Return all the data verbatim but without images.

- RECORDS FOR THIS TASK

== == ==

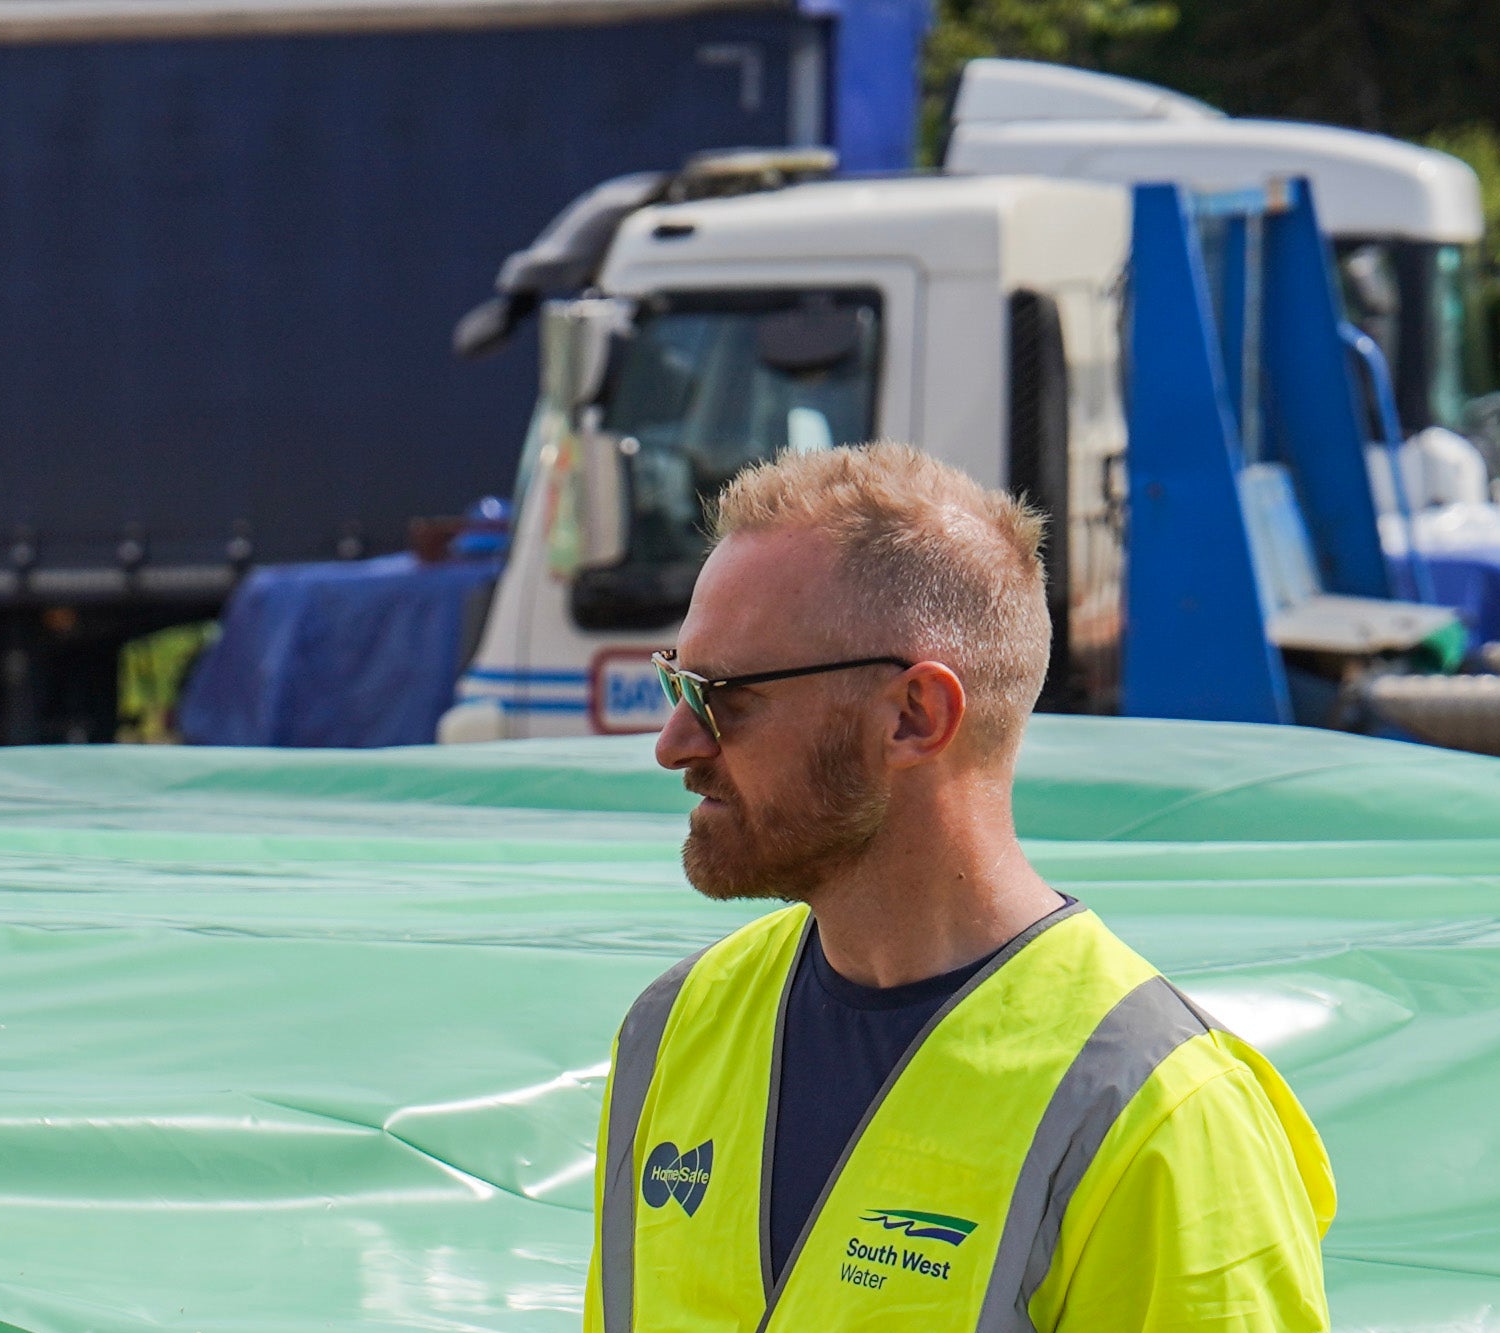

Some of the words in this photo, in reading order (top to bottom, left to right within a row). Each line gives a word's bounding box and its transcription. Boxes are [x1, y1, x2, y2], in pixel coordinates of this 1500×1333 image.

[651, 1165, 709, 1185] HomeSafe
[846, 1237, 898, 1266] South
[902, 1250, 951, 1280] West
[841, 1262, 888, 1290] Water
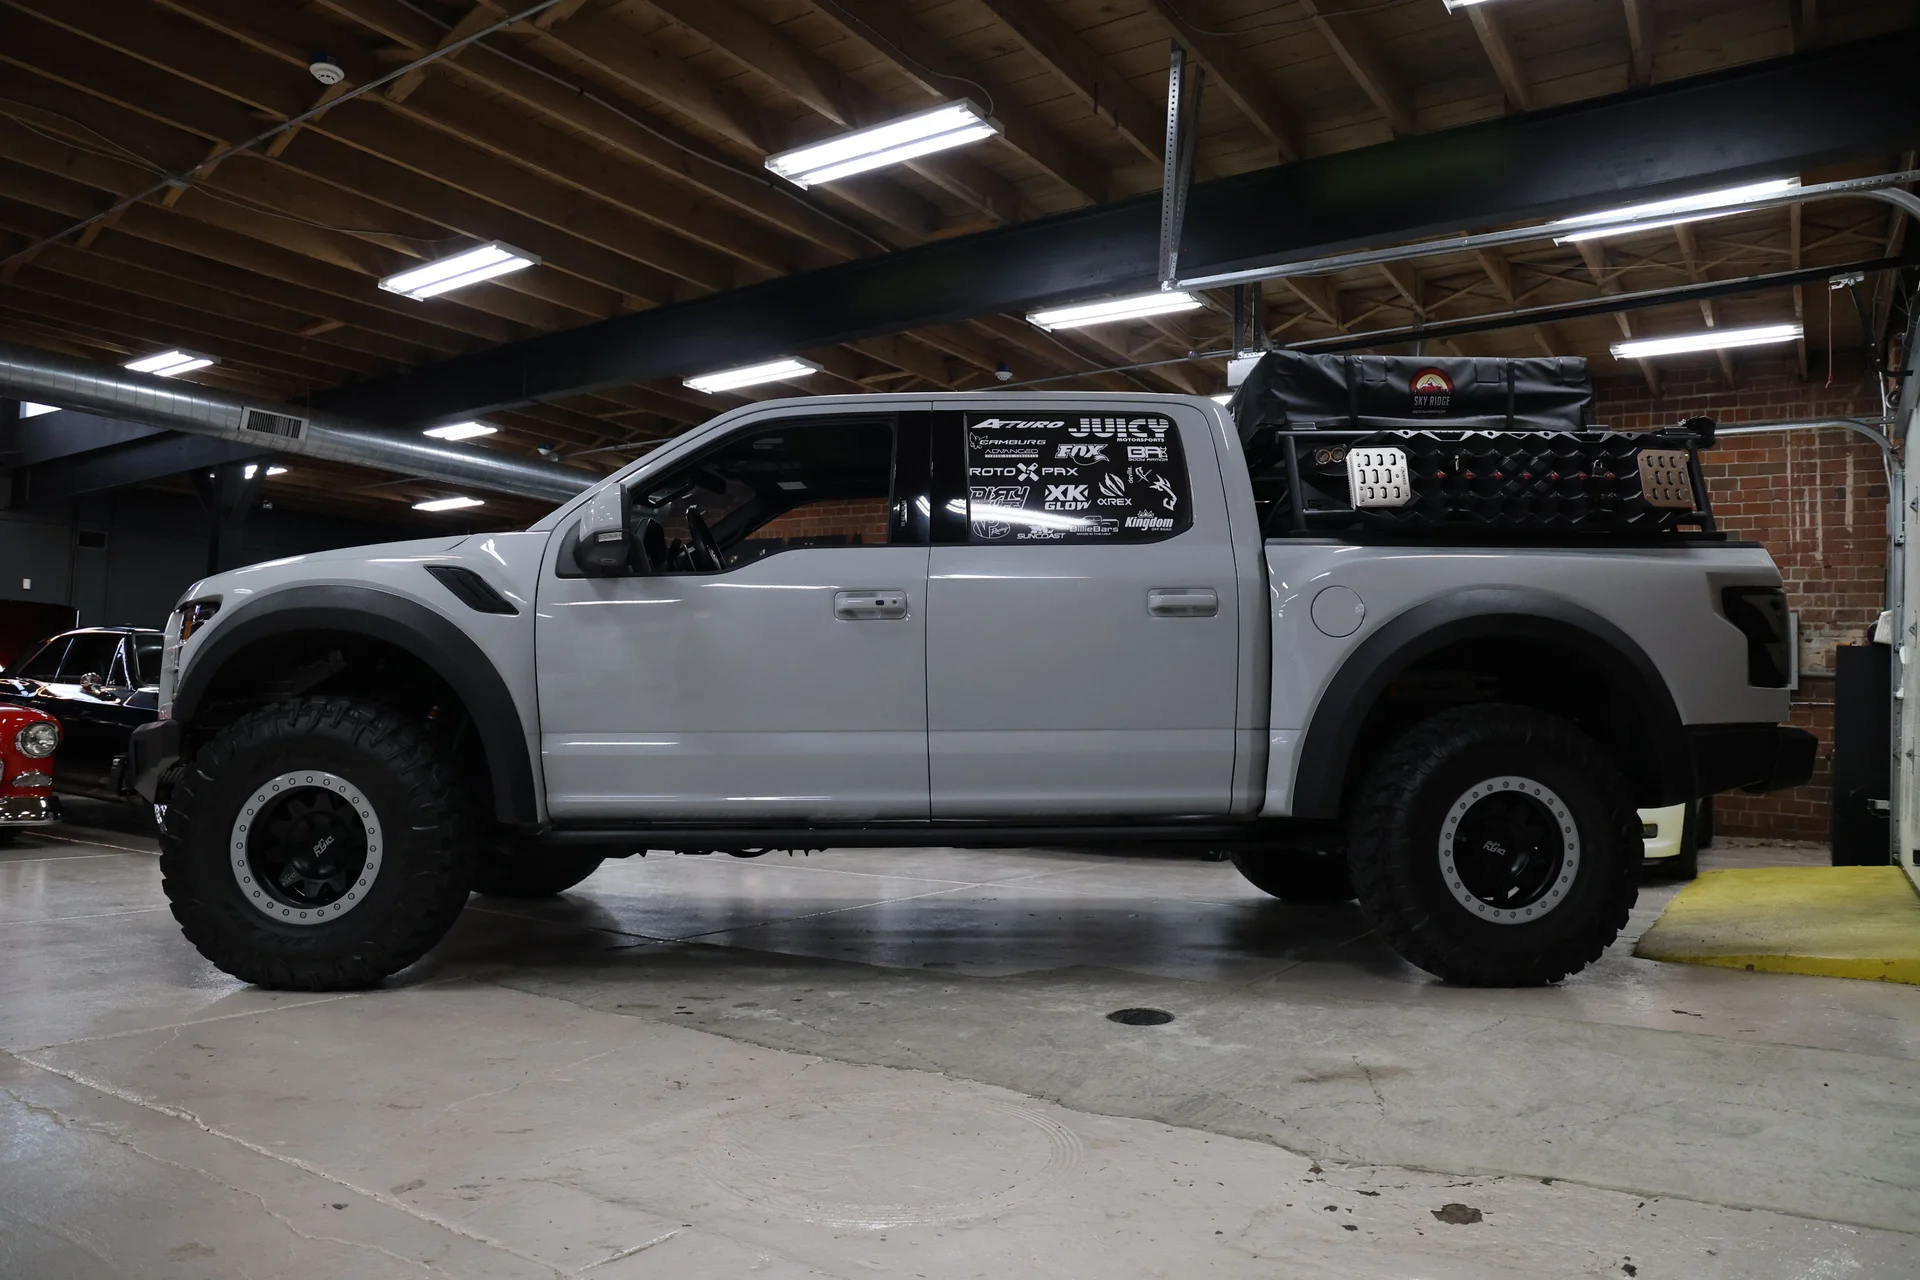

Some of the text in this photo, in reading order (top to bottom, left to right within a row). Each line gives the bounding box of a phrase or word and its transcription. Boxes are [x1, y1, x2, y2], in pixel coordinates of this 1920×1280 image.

[1413, 395, 1451, 406] SKY RIDGE
[971, 418, 1065, 429] ATTURO
[1068, 418, 1169, 438] JUICY
[1055, 443, 1108, 459] FOX
[969, 467, 1079, 476] ROTO PAX
[1045, 484, 1088, 501] XK
[1044, 500, 1091, 511] GLOW
[1124, 516, 1174, 531] Kingdom
[1017, 532, 1066, 540] SUNCOAST
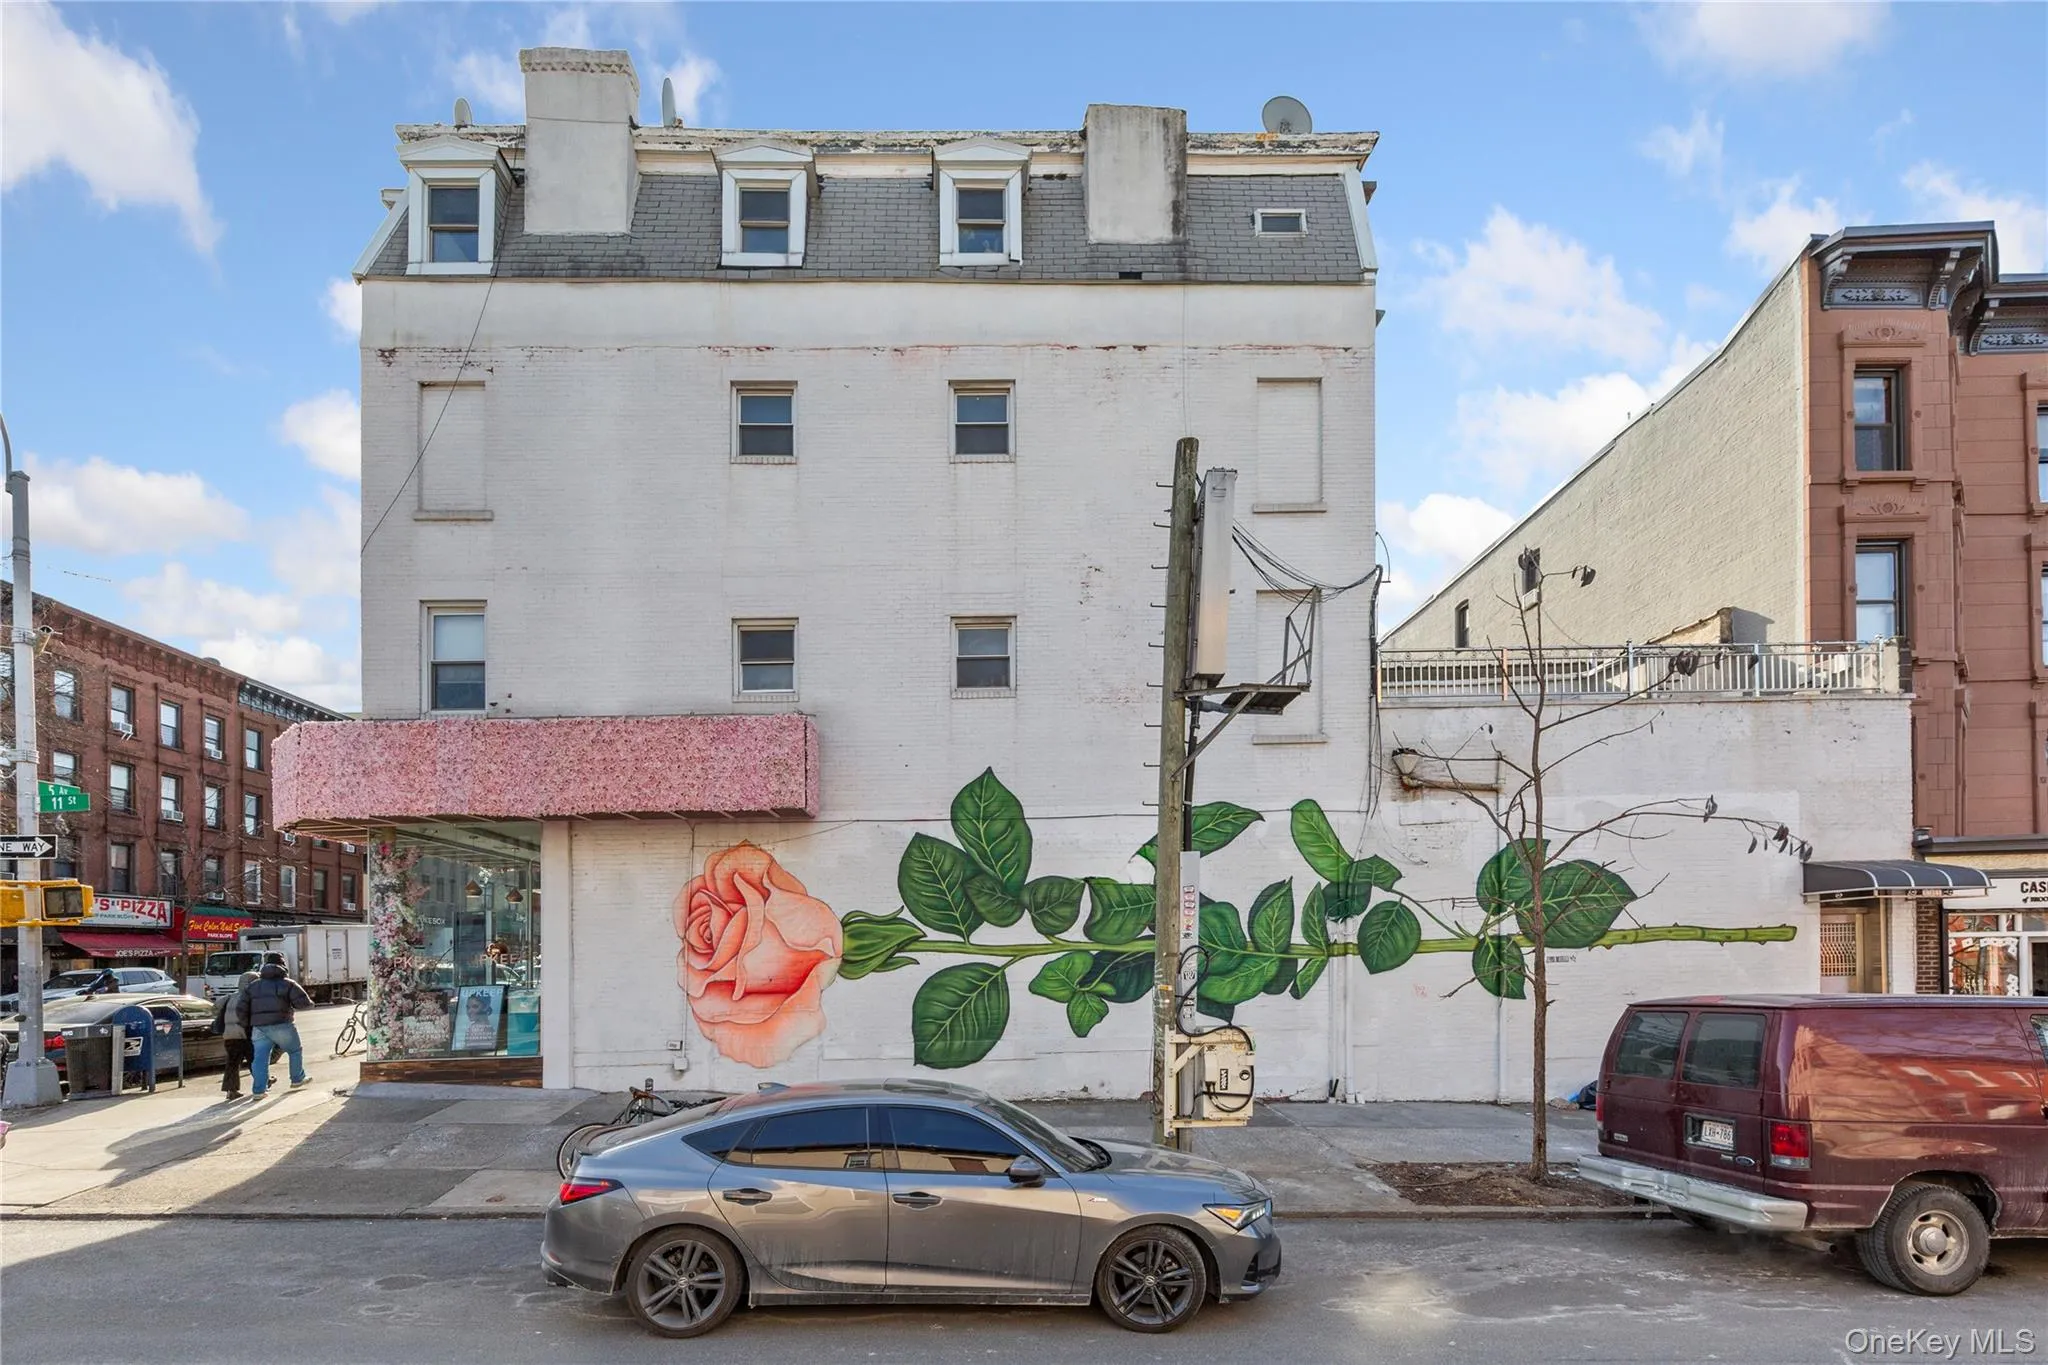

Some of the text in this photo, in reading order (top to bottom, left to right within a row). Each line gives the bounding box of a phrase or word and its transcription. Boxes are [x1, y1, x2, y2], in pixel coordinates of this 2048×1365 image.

== == ==

- EXPECTED ANSWER
Some of the words in this photo, in reading order (top to bottom, left to right within a row). Each line gives a word's bounding box and its transcription. Boxes are [x1, y1, x2, y2], in pixel coordinates of this 1500×1333 image.

[651, 1165, 709, 1185] HomeSafe
[846, 1237, 898, 1266] South
[902, 1250, 951, 1280] West
[841, 1262, 888, 1290] Water

Some of the text in this photo, in reading order (top to bottom, left to right within a row). Each line gives the bounding box of a phrase or word and its transcription. Boxes are [x1, y1, x2, y2], in pixel coordinates of this 1920×1280 image.

[1413, 395, 1451, 406] SKY RIDGE
[971, 418, 1065, 429] ATTURO
[1068, 418, 1169, 438] JUICY
[1055, 443, 1108, 459] FOX
[969, 467, 1079, 476] ROTO PAX
[1045, 484, 1088, 501] XK
[1044, 500, 1091, 511] GLOW
[1124, 516, 1174, 531] Kingdom
[1017, 532, 1066, 540] SUNCOAST

Some of the text in this photo, in reading order (top to bottom, left to right within a row). Each line gives the bounding box of a phrase or word and its transcription. Boxes are [x1, y1, x2, y2], in pixel coordinates of this 2048×1365 image.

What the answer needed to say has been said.